Considerando as tendências mapeadas, quais as políticas e ações recomendadas para o curto prazo?

Além de gerar capacidade produtiva para a indústria nacional, precisamos observar a capacidade de incorporação tecnológica do Brasil; a capacidade social coletiva do país para absorver esses avanços. Afinal, de que adiantaria gerar novos produtos, insumos, técnicas e equipamentos tecnológicos para a Saúde, se tudo isso não for incorporado pelo sistema de saúde e disponibilizado para a população brasileira?

O Brasil precisa investir em incorporação tecnológica. Há que se pressionar as indústrias para reduzir o custo unitário dos equipamentos de saúde ou, ao menos, garantir que as novas tecnologias reduzam o custo dos tratamentos e serviços de saúde. Há uma demanda social muito forte, na saúde pública e no setor privado, para a permanente incorporação de tecnologias cada vez mais desenvolvidas e inovadoras. E essa dinâmica se acirra com o envelhecimento populacional, a transição epidemiológica e o aumento da demanda por exames e tratamentos mais sofisticados.

Portanto, é preciso discutir a lógica da incorporação tecnológica, pois nem sempre o desenvolvimento tecnológico das indústrias da Saúde representa benefícios para a saúde da população.
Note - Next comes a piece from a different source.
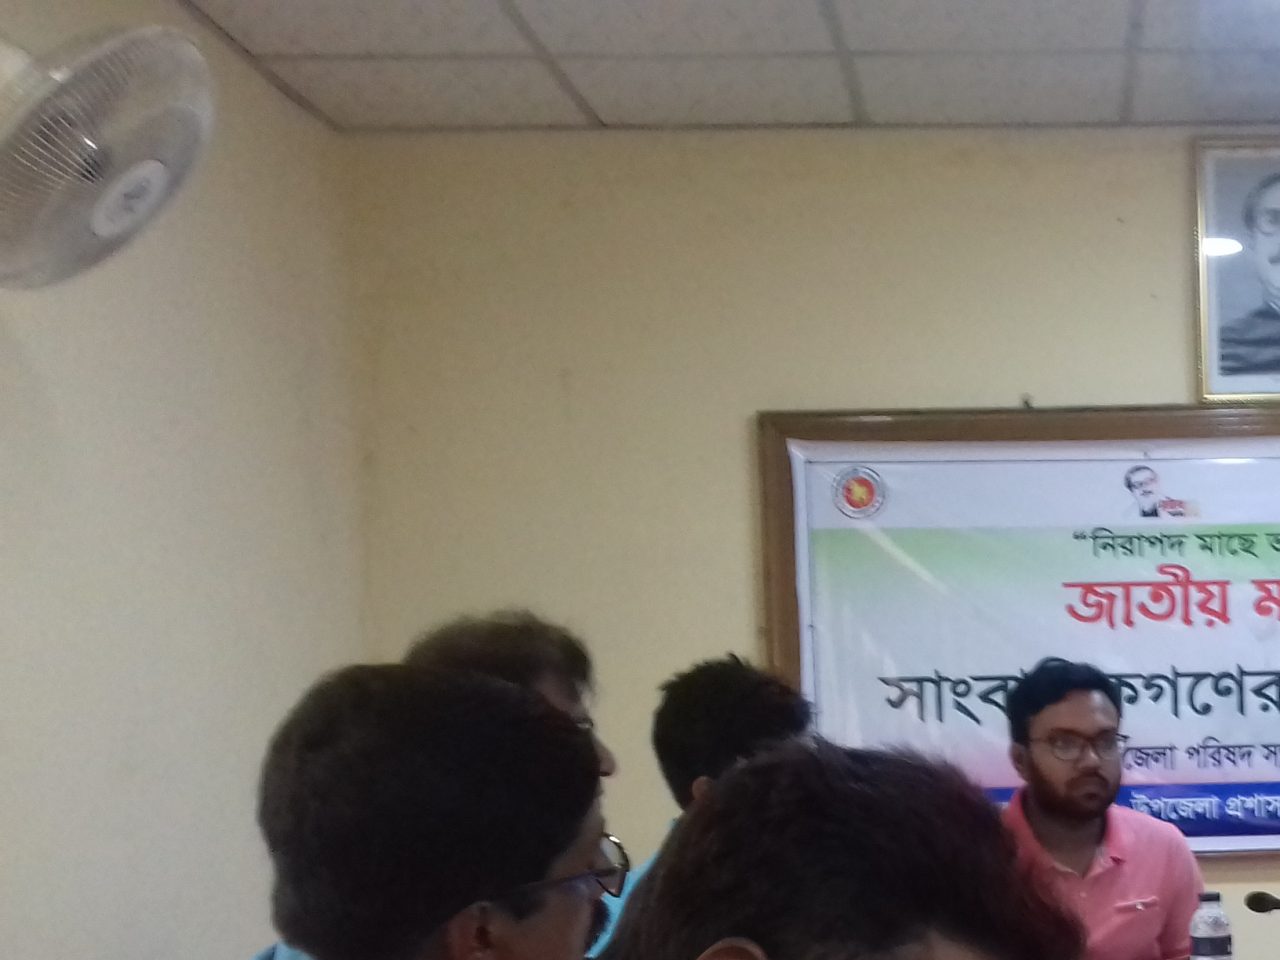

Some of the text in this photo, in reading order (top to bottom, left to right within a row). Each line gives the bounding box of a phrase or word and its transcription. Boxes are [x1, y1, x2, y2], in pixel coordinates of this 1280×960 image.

Além dos altos preços que esses recursos podem atingir, muitos produtos não são realmente mais eficazes do que já está disponível no mercado por preços mais baixos. O Estado precisa assumir o papel de regulador deste processo de incorporação tecnológica e de mediador de um mercado que deve atender, antes de tudo, às necessidades de saúde da população brasileira.